Signals of nodes (for example, third to sixth nodes C, D, E and F), which are connected to respective output terminals of the first to fourth modulation means 3311, 3312, 3321 and 3322, are as listed in the table of FIG. 16. A signal Sig_H-D1(2n)−Sig_H_D2(2n−1) of a seventh node G is generated by performing a subtraction operation on the signals of the third and fifth nodes C and E, and a signal Sig_H-D1(2n)−Sig_H_D2(2n−1) of an eighth node H is generated by performing a subtraction operation on the signals of the fourth and sixth nodes D and F.

By the above-described demodulation and calculation operation, a differential signal including the signals Sig_H(2n−1) and Sig_H(2n) of the seventh and eighth nodes G and H is supplied to the single-ended signal generator 3400. The single-ended signal generator 3400 performs a first arithmetic operation and a second arithmetic operation on the differential signal. For example, the first calculation unit 3410 may perform a subtraction operation on the differential signal to supply a signal of a ninth node I as a single-ended touch signal corresponding to the first sensing line, and the second calculation unit 3420 may perform the subtraction operation on the differential signal to supply a signal of a tenth node J as a single-ended touch signal corresponding to the second sensing line.

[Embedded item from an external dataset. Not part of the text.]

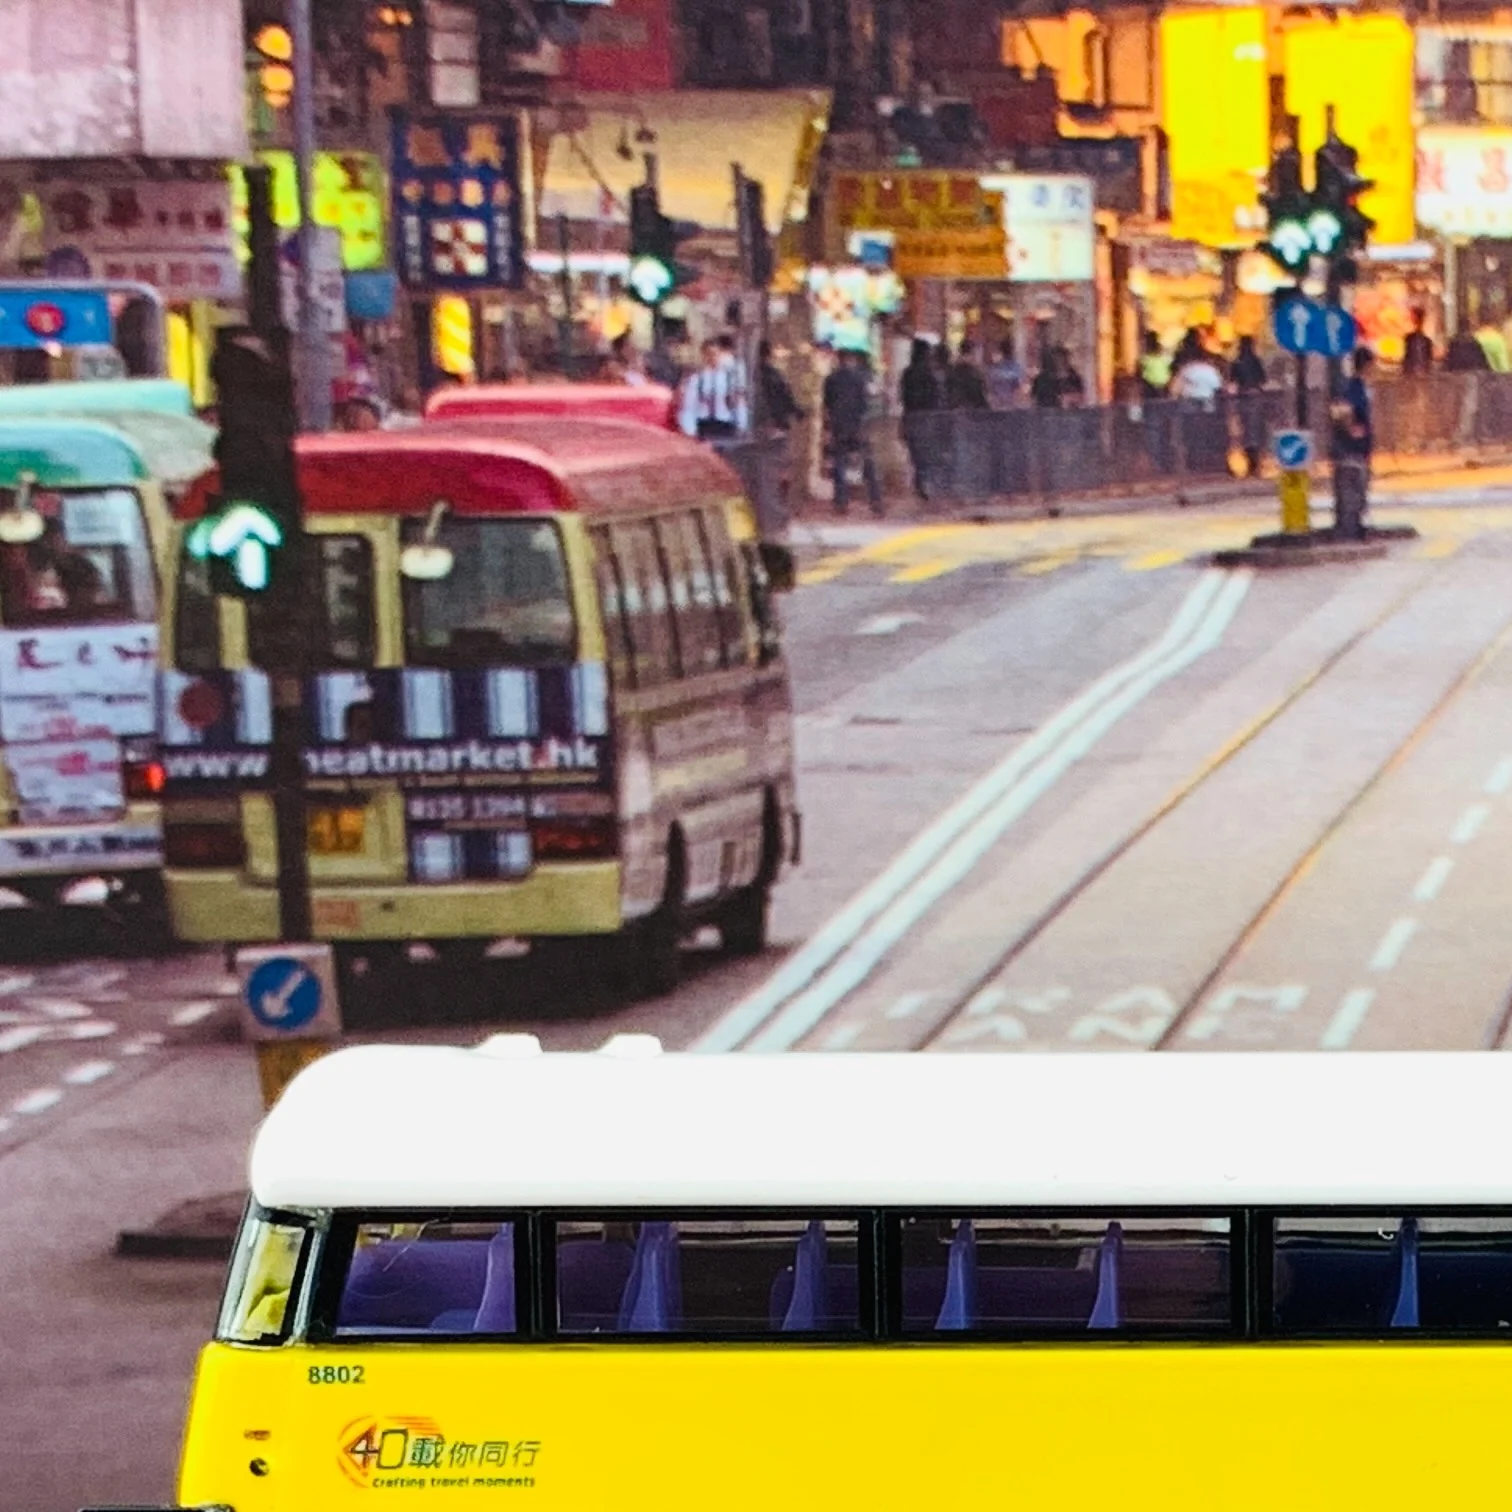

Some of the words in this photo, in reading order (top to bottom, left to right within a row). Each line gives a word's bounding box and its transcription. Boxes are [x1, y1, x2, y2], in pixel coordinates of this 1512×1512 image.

According to the above-described operation, the common mode noise is removed from capacitance values, based on a touch motion, of the first and second sensing lines, and the capacitance values are calculated. Also, a capacitance change amount of each of the first and second sensing lines based on the touch motion is calculated by performing an arithmetic operation on a reference value at a certain time and a single-ended touch signal. In addition, according to the above-described embodiment, a sensing time is reduced by half compared to the sensing operation in the above-described second stage.

FIG. 17 is a flowchart illustrating an operating method of a touch screen controller according to an embodiment of the inventive concept. FIG. 17 illustrates an example in which a transmission signal is generated by coding and combining two base signals having different phases, and a single-ended touch signal is generated from the transmission signal.

In operation S31, the touch screen controller performs a coding operation and/or a combining operation on first and second base signals having different phases to generate first and second transmission signals to be supplied to adjacent sensing lines. For example, the first and second base signals may have a certain phase difference, and may be signals having an orthogonal relationship. The first transmission signal may be generated by summating the first and second base signals, and the second transmission signal may be generated by summating the first base signal and a phase-inverted second base signal.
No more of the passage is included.